Poems of Mark Tamthai
Deportee
The boats are all in, and the fish are rotting.
The clothes are piled high on the factory floor.
They're driving him back to the Burmese border.
to hide from the soldiers, then swim back again.
Good-bye to Tun Myint, farewell Lein May Aye.
Take care all my friends, Nyein Chan, Aung Win Thein.
You won't have a name when you ride the big pick-up.
All they will call you will be 'deportee'.
Again and again he waded that river.
They took all the money he made in his life.
It's two hundred miles to the Burmese border.
They chased him like a criminal, just like a thief.
The news screamed silently out from Mae Sot.
Seventeen lives snuffed out like a light.
Whose are these bodies that are floating like dead fish.
The radio said, "they're just deportees".
Is this the best way we can run our big factories?
Is this the best way we can fish our great seas?
To fall like dry leaves, and rot on our top soil.
And be known by no name except deportees.

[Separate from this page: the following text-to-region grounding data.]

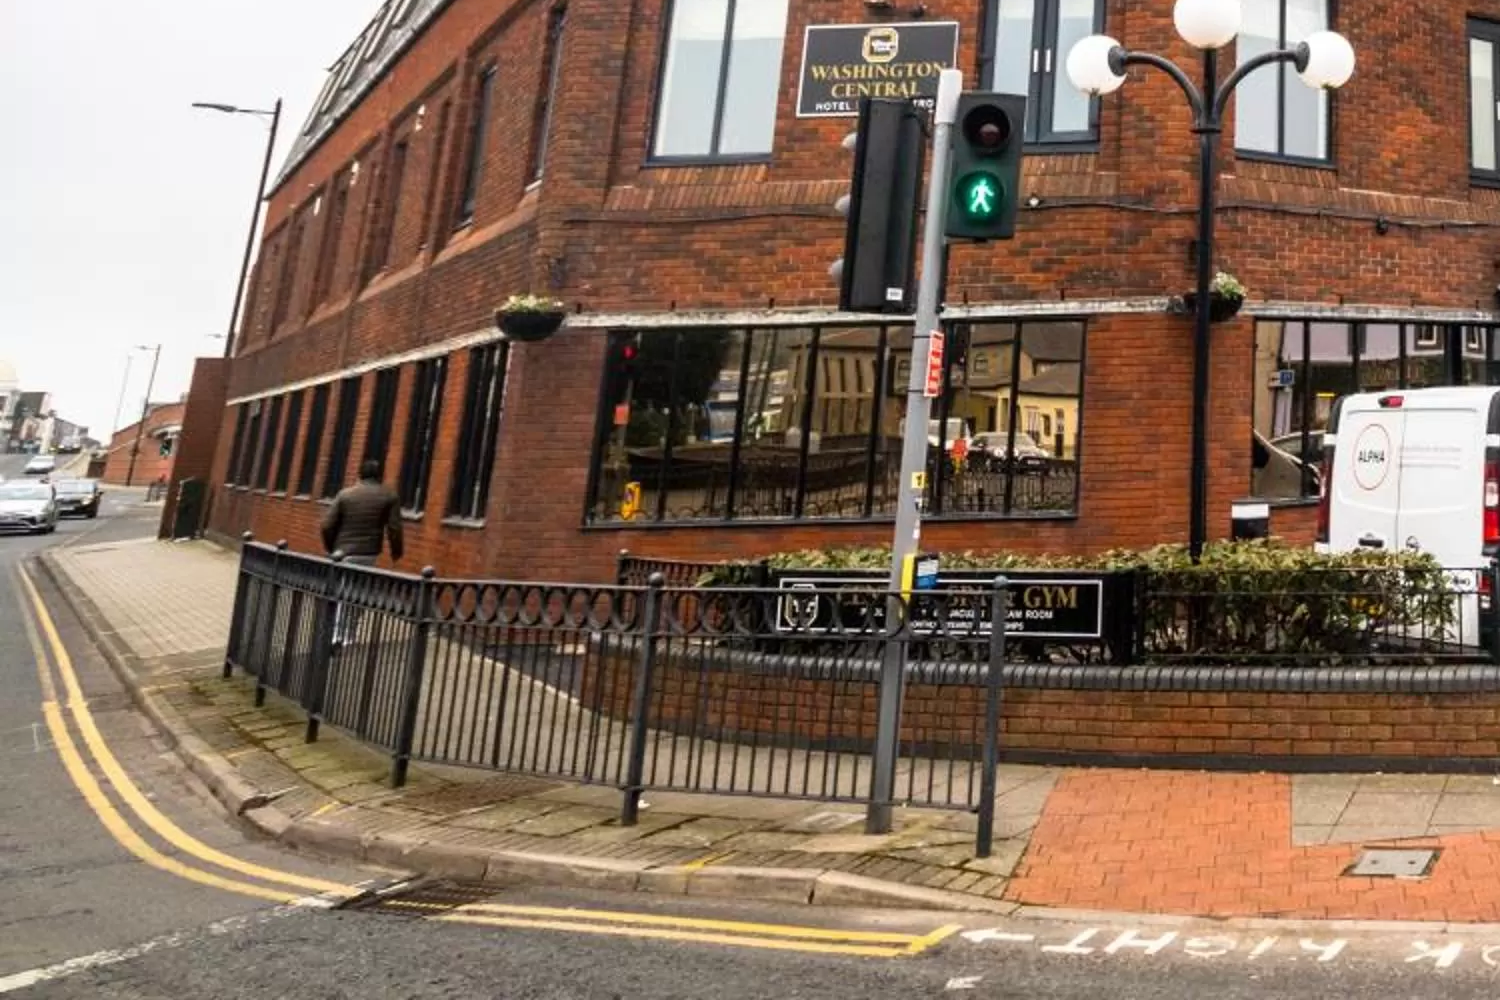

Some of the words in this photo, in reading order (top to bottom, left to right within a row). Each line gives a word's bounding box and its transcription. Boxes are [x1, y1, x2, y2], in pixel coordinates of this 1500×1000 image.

[811, 61, 947, 81] WASHINGTON
[831, 81, 921, 98] CENTRAL
[815, 101, 851, 111] HOTEL
[1358, 451, 1385, 463] ALPHA
[1023, 585, 1078, 609] GYM
[1025, 610, 1053, 619] ROOM

Good-bye to Tun Myint, farewell Lein May Aye.
Take care all my friends, Nyein Chan, Aung Win Thein.
You won't have a name when you ride the big pick-up.
All they will call you will 'deportee'.
And soon once again you'll be an IDP.
Mark Tamthai -- revised from Woody Guthrie's lyrics about Mexican illegal laborours. Mark wrote the song to commemorate the "mysterious" death of 17 Burmese migrant workers in Mae Sot in early 2002.